Entries shown –
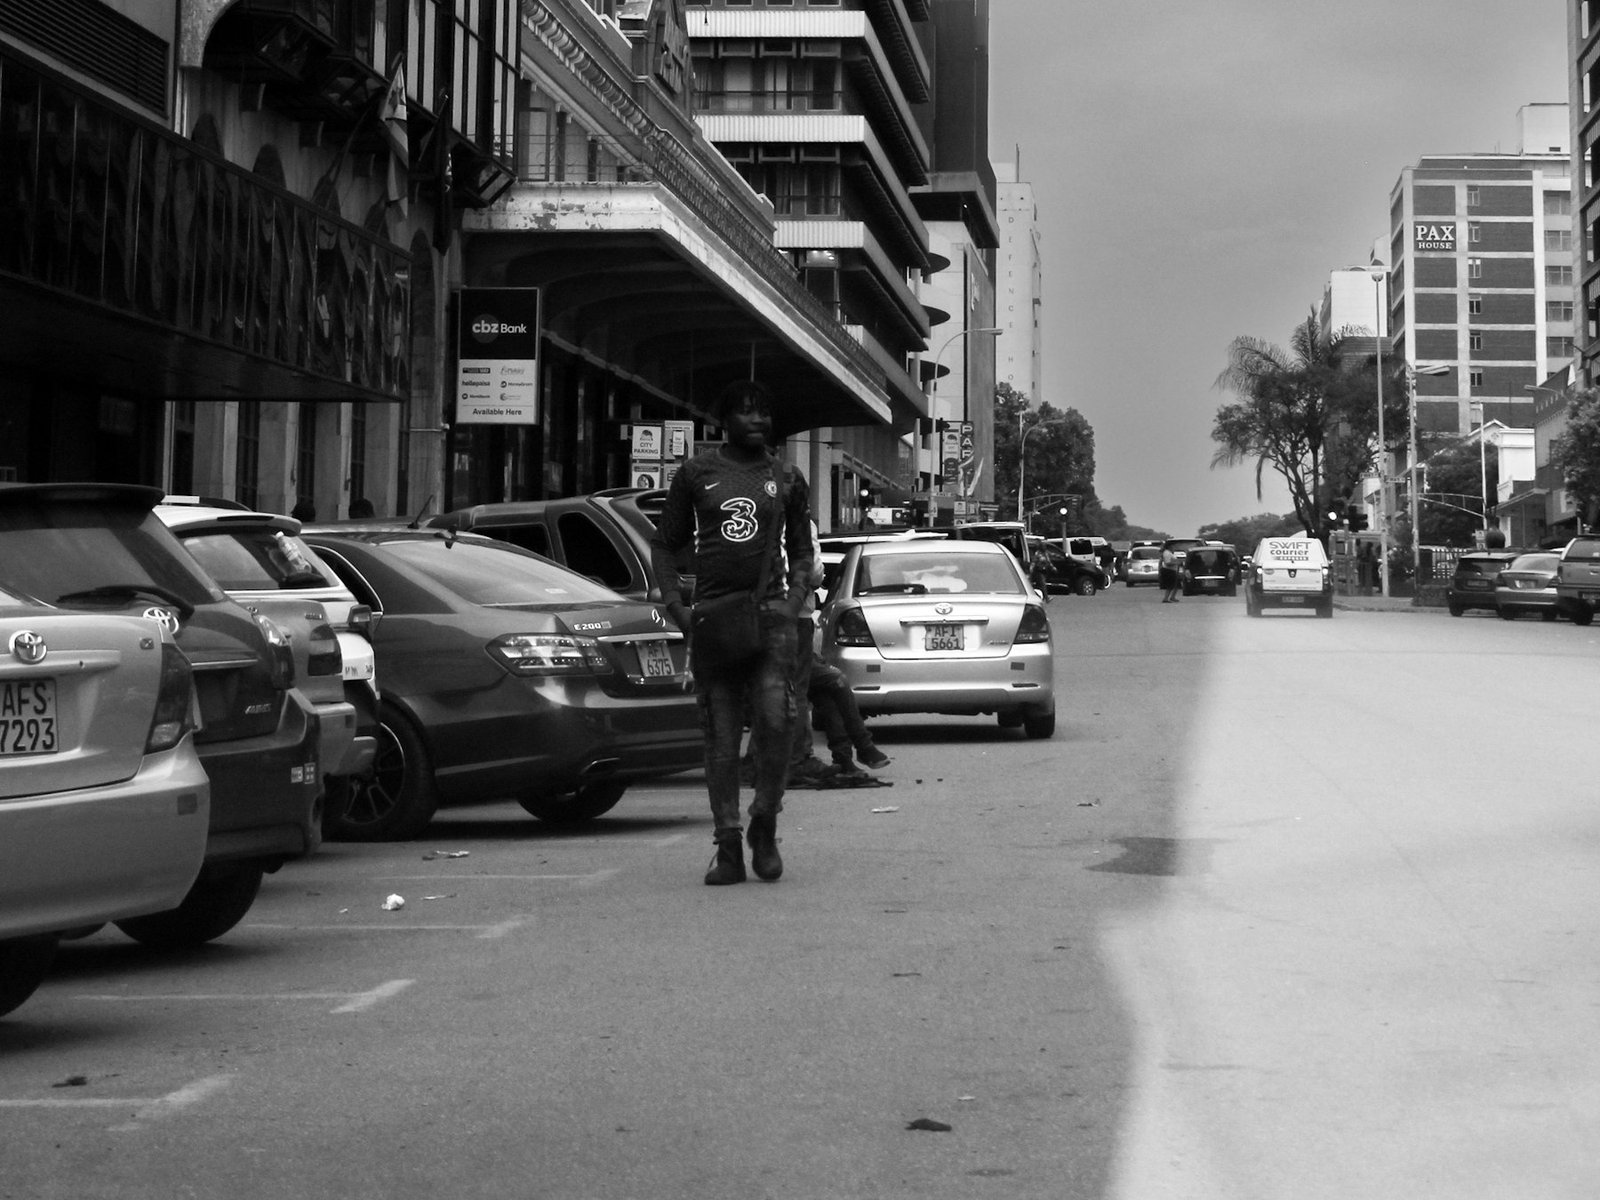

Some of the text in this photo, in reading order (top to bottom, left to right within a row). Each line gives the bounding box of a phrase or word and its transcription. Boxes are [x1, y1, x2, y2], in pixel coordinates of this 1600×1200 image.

[1415, 225, 1455, 241] PAX
[472, 319, 527, 334] cbz Bank
[472, 408, 522, 416] Available Here
[720, 497, 759, 543] 3
[1269, 541, 1312, 550] SWIFT
[573, 622, 602, 631] E200
[934, 626, 956, 637] AFI
[931, 638, 960, 650] 5661
[647, 658, 672, 675] 6375
[2, 682, 47, 716] AFS
[0, 717, 55, 753] 7293

Exercise brief –
Output all of the records exactly as they appear above, but not the pictures.

Solution to this task –
Some of the text in this photo, in reading order (top to bottom, left to right within a row). Each line gives the bounding box of a phrase or word and its transcription. Boxes are [x1, y1, x2, y2], in pixel coordinates of this 1600×1200 image.

[1415, 225, 1455, 241] PAX
[472, 319, 527, 334] cbz Bank
[472, 408, 522, 416] Available Here
[720, 497, 759, 543] 3
[1269, 541, 1312, 550] SWIFT
[573, 622, 602, 631] E200
[934, 626, 956, 637] AFI
[931, 638, 960, 650] 5661
[647, 658, 672, 675] 6375
[2, 682, 47, 716] AFS
[0, 717, 55, 753] 7293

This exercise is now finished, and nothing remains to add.